(Data entries)

..............................

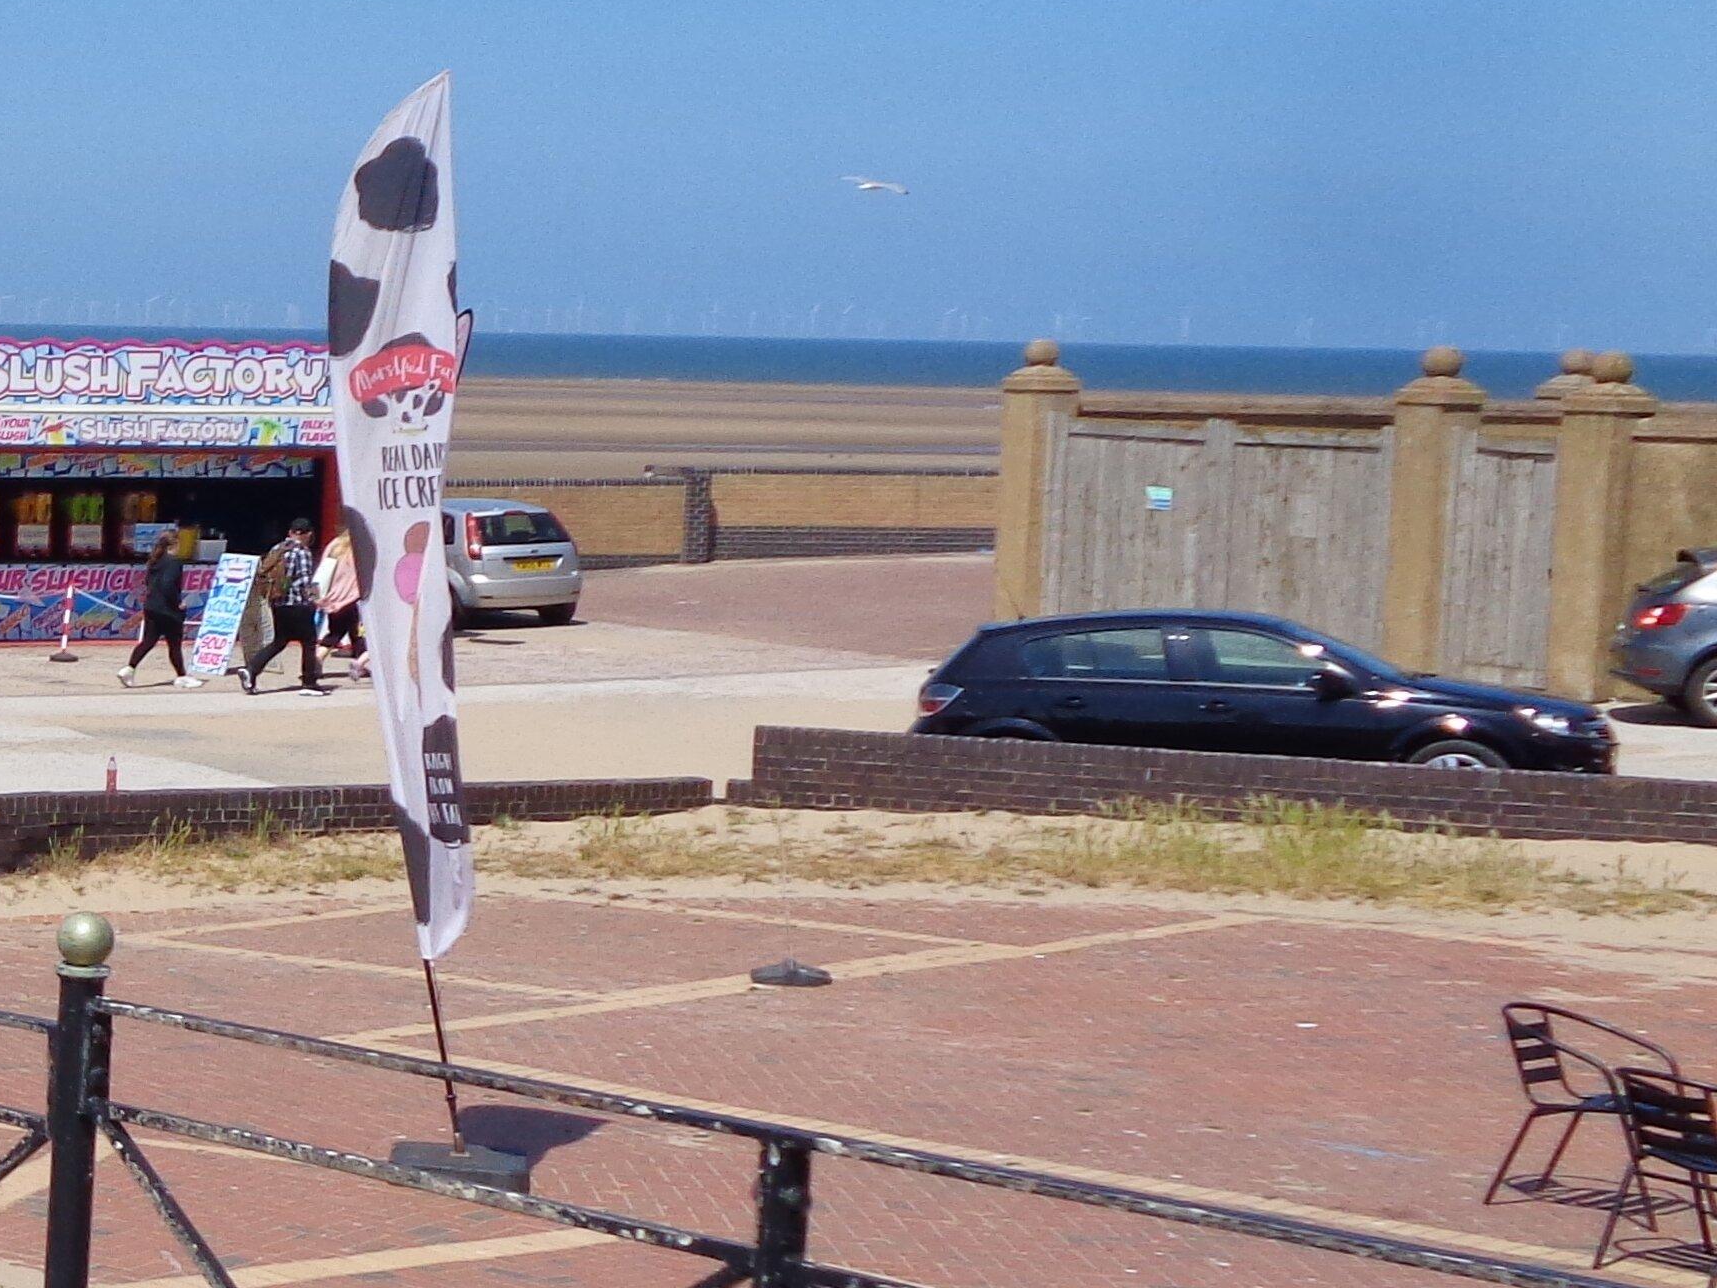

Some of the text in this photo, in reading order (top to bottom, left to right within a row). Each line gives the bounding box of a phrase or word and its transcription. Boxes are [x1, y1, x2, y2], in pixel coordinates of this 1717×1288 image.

[126, 350, 328, 400] FACTORY
[5, 418, 30, 427] YOUR
[78, 417, 247, 441] SLUSH FACTORY
[381, 446, 409, 473] REAL
[378, 474, 440, 510] ICE CRE
[31, 569, 105, 591] SLUSH
[202, 636, 228, 650] SOLD
[197, 653, 223, 666] HERE

..............................

**Required action:** Images are to be excluded, and each record above written out word for word.

**Completed task:**
Some of the text in this photo, in reading order (top to bottom, left to right within a row). Each line gives the bounding box of a phrase or word and its transcription. Boxes are [x1, y1, x2, y2], in pixel coordinates of this 1717×1288 image.

[126, 350, 328, 400] FACTORY
[5, 418, 30, 427] YOUR
[78, 417, 247, 441] SLUSH FACTORY
[381, 446, 409, 473] REAL
[378, 474, 440, 510] ICE CRE
[31, 569, 105, 591] SLUSH
[202, 636, 228, 650] SOLD
[197, 653, 223, 666] HERE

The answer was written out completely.